§ **Exercise goal**
Recreate the entire listing that appears below, exactly.
--
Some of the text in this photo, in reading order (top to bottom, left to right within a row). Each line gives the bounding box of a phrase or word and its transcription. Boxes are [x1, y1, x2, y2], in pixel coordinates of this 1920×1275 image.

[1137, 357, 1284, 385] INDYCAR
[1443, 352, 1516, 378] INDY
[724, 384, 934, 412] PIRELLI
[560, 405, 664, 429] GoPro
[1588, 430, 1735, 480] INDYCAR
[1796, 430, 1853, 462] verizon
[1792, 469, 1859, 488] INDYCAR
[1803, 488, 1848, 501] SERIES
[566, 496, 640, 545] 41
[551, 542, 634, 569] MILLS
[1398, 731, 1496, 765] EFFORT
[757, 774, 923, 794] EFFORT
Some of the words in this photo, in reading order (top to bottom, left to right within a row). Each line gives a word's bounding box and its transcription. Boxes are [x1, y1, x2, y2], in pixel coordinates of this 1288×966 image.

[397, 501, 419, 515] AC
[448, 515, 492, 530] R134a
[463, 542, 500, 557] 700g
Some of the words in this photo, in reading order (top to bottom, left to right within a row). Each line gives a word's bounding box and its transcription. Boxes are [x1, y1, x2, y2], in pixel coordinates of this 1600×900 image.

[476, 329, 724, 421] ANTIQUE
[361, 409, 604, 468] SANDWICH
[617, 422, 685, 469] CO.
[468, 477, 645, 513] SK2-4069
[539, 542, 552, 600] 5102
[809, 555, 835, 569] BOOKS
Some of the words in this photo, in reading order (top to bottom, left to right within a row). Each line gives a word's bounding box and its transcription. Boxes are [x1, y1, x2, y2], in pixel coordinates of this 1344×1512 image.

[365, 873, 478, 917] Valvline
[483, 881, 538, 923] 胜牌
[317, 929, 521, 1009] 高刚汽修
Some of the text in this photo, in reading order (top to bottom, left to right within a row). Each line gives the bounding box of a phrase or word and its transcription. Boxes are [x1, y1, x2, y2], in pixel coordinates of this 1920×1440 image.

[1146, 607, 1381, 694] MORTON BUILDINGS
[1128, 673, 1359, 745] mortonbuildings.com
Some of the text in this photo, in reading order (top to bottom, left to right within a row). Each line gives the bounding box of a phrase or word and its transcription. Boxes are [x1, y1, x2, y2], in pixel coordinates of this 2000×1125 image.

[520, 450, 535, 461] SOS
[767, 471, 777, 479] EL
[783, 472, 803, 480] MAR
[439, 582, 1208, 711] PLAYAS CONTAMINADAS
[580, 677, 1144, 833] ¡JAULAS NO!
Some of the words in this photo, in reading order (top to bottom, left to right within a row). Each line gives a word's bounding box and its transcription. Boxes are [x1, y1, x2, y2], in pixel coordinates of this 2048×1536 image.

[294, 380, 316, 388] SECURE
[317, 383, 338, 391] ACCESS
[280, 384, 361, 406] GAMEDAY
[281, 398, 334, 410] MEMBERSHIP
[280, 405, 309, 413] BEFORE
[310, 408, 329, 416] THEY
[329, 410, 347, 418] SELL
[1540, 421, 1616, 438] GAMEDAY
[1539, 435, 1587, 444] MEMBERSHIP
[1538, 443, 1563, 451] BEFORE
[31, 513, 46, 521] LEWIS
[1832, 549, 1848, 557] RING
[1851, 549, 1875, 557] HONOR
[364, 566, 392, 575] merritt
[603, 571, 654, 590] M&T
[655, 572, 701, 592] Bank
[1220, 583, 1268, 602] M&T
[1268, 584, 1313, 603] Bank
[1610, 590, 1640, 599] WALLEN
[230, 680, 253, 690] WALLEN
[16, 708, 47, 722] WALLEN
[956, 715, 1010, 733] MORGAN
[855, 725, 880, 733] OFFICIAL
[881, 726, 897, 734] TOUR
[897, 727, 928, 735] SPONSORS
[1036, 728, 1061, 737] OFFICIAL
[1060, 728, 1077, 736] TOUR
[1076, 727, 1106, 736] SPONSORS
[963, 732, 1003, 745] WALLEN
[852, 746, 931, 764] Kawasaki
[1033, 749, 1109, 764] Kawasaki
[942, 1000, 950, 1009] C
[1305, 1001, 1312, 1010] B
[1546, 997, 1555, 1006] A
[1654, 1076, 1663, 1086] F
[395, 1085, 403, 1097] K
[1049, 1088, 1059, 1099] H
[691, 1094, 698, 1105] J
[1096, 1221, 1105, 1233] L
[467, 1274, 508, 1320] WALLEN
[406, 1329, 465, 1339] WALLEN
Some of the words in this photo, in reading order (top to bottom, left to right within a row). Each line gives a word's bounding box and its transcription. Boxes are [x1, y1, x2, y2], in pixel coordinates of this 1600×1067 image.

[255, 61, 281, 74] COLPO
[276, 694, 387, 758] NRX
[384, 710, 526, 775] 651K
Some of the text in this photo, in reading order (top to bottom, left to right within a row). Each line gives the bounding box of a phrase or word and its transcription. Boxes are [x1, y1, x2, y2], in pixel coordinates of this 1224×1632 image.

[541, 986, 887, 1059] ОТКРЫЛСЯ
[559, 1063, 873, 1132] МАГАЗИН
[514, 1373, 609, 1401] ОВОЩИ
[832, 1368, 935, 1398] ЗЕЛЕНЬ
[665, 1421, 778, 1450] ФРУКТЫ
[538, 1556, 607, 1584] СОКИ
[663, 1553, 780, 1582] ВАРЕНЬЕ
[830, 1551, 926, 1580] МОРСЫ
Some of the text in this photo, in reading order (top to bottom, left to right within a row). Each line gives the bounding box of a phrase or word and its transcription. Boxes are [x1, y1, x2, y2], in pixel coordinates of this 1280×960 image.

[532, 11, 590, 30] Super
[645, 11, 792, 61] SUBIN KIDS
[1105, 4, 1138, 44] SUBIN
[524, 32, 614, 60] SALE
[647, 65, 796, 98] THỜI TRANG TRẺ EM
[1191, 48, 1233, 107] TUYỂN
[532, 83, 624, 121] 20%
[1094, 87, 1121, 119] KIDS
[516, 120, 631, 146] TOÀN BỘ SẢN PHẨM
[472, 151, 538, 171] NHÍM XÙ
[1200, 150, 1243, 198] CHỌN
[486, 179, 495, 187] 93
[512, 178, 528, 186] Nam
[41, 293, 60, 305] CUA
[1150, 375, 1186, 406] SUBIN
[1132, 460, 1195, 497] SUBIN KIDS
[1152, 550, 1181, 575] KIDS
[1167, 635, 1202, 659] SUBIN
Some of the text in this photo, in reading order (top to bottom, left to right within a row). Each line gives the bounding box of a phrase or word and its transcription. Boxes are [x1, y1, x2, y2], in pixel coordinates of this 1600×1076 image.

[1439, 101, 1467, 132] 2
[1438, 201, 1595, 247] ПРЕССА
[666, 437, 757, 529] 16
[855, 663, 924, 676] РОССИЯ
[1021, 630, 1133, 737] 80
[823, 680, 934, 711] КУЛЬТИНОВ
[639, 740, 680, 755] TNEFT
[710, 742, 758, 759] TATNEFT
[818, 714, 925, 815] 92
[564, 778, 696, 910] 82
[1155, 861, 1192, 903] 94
--
§ **Written solution**
Some of the text in this photo, in reading order (top to bottom, left to right within a row). Each line gives the bounding box of a phrase or word and its transcription. Boxes are [x1, y1, x2, y2], in pixel coordinates of this 1920×1275 image.

[1137, 357, 1284, 385] INDYCAR
[1443, 352, 1516, 378] INDY
[724, 384, 934, 412] PIRELLI
[560, 405, 664, 429] GoPro
[1588, 430, 1735, 480] INDYCAR
[1796, 430, 1853, 462] verizon
[1792, 469, 1859, 488] INDYCAR
[1803, 488, 1848, 501] SERIES
[566, 496, 640, 545] 41
[551, 542, 634, 569] MILLS
[1398, 731, 1496, 765] EFFORT
[757, 774, 923, 794] EFFORT
Some of the words in this photo, in reading order (top to bottom, left to right within a row). Each line gives a word's bounding box and its transcription. Boxes are [x1, y1, x2, y2], in pixel coordinates of this 1288×966 image.

[397, 501, 419, 515] AC
[448, 515, 492, 530] R134a
[463, 542, 500, 557] 700g
Some of the words in this photo, in reading order (top to bottom, left to right within a row). Each line gives a word's bounding box and its transcription. Boxes are [x1, y1, x2, y2], in pixel coordinates of this 1600×900 image.

[476, 329, 724, 421] ANTIQUE
[361, 409, 604, 468] SANDWICH
[617, 422, 685, 469] CO.
[468, 477, 645, 513] SK2-4069
[539, 542, 552, 600] 5102
[809, 555, 835, 569] BOOKS
Some of the words in this photo, in reading order (top to bottom, left to right within a row). Each line gives a word's bounding box and its transcription. Boxes are [x1, y1, x2, y2], in pixel coordinates of this 1344×1512 image.

[365, 873, 478, 917] Valvline
[483, 881, 538, 923] 胜牌
[317, 929, 521, 1009] 高刚汽修
Some of the text in this photo, in reading order (top to bottom, left to right within a row). Each line gives the bounding box of a phrase or word and its transcription. Boxes are [x1, y1, x2, y2], in pixel coordinates of this 1920×1440 image.

[1146, 607, 1381, 694] MORTON BUILDINGS
[1128, 673, 1359, 745] mortonbuildings.com
Some of the text in this photo, in reading order (top to bottom, left to right within a row). Each line gives the bounding box of a phrase or word and its transcription. Boxes are [x1, y1, x2, y2], in pixel coordinates of this 2000×1125 image.

[520, 450, 535, 461] SOS
[767, 471, 777, 479] EL
[783, 472, 803, 480] MAR
[439, 582, 1208, 711] PLAYAS CONTAMINADAS
[580, 677, 1144, 833] ¡JAULAS NO!
Some of the words in this photo, in reading order (top to bottom, left to right within a row). Each line gives a word's bounding box and its transcription. Boxes are [x1, y1, x2, y2], in pixel coordinates of this 2048×1536 image.

[294, 380, 316, 388] SECURE
[317, 383, 338, 391] ACCESS
[280, 384, 361, 406] GAMEDAY
[281, 398, 334, 410] MEMBERSHIP
[280, 405, 309, 413] BEFORE
[310, 408, 329, 416] THEY
[329, 410, 347, 418] SELL
[1540, 421, 1616, 438] GAMEDAY
[1539, 435, 1587, 444] MEMBERSHIP
[1538, 443, 1563, 451] BEFORE
[31, 513, 46, 521] LEWIS
[1832, 549, 1848, 557] RING
[1851, 549, 1875, 557] HONOR
[364, 566, 392, 575] merritt
[603, 571, 654, 590] M&T
[655, 572, 701, 592] Bank
[1220, 583, 1268, 602] M&T
[1268, 584, 1313, 603] Bank
[1610, 590, 1640, 599] WALLEN
[230, 680, 253, 690] WALLEN
[16, 708, 47, 722] WALLEN
[956, 715, 1010, 733] MORGAN
[855, 725, 880, 733] OFFICIAL
[881, 726, 897, 734] TOUR
[897, 727, 928, 735] SPONSORS
[1036, 728, 1061, 737] OFFICIAL
[1060, 728, 1077, 736] TOUR
[1076, 727, 1106, 736] SPONSORS
[963, 732, 1003, 745] WALLEN
[852, 746, 931, 764] Kawasaki
[1033, 749, 1109, 764] Kawasaki
[942, 1000, 950, 1009] C
[1305, 1001, 1312, 1010] B
[1546, 997, 1555, 1006] A
[1654, 1076, 1663, 1086] F
[395, 1085, 403, 1097] K
[1049, 1088, 1059, 1099] H
[691, 1094, 698, 1105] J
[1096, 1221, 1105, 1233] L
[467, 1274, 508, 1320] WALLEN
[406, 1329, 465, 1339] WALLEN
Some of the words in this photo, in reading order (top to bottom, left to right within a row). Each line gives a word's bounding box and its transcription. Boxes are [x1, y1, x2, y2], in pixel coordinates of this 1600×1067 image.

[255, 61, 281, 74] COLPO
[276, 694, 387, 758] NRX
[384, 710, 526, 775] 651K
Some of the text in this photo, in reading order (top to bottom, left to right within a row). Each line gives the bounding box of a phrase or word and its transcription. Boxes are [x1, y1, x2, y2], in pixel coordinates of this 1224×1632 image.

[541, 986, 887, 1059] ОТКРЫЛСЯ
[559, 1063, 873, 1132] МАГАЗИН
[514, 1373, 609, 1401] ОВОЩИ
[832, 1368, 935, 1398] ЗЕЛЕНЬ
[665, 1421, 778, 1450] ФРУКТЫ
[538, 1556, 607, 1584] СОКИ
[663, 1553, 780, 1582] ВАРЕНЬЕ
[830, 1551, 926, 1580] МОРСЫ
Some of the text in this photo, in reading order (top to bottom, left to right within a row). Each line gives the bounding box of a phrase or word and its transcription. Boxes are [x1, y1, x2, y2], in pixel coordinates of this 1280×960 image.

[532, 11, 590, 30] Super
[645, 11, 792, 61] SUBIN KIDS
[1105, 4, 1138, 44] SUBIN
[524, 32, 614, 60] SALE
[647, 65, 796, 98] THỜI TRANG TRẺ EM
[1191, 48, 1233, 107] TUYỂN
[532, 83, 624, 121] 20%
[1094, 87, 1121, 119] KIDS
[516, 120, 631, 146] TOÀN BỘ SẢN PHẨM
[472, 151, 538, 171] NHÍM XÙ
[1200, 150, 1243, 198] CHỌN
[486, 179, 495, 187] 93
[512, 178, 528, 186] Nam
[41, 293, 60, 305] CUA
[1150, 375, 1186, 406] SUBIN
[1132, 460, 1195, 497] SUBIN KIDS
[1152, 550, 1181, 575] KIDS
[1167, 635, 1202, 659] SUBIN
Some of the text in this photo, in reading order (top to bottom, left to right within a row). Each line gives the bounding box of a phrase or word and its transcription. Boxes are [x1, y1, x2, y2], in pixel coordinates of this 1600×1076 image.

[1439, 101, 1467, 132] 2
[1438, 201, 1595, 247] ПРЕССА
[666, 437, 757, 529] 16
[855, 663, 924, 676] РОССИЯ
[1021, 630, 1133, 737] 80
[823, 680, 934, 711] КУЛЬТИНОВ
[639, 740, 680, 755] TNEFT
[710, 742, 758, 759] TATNEFT
[818, 714, 925, 815] 92
[564, 778, 696, 910] 82
[1155, 861, 1192, 903] 94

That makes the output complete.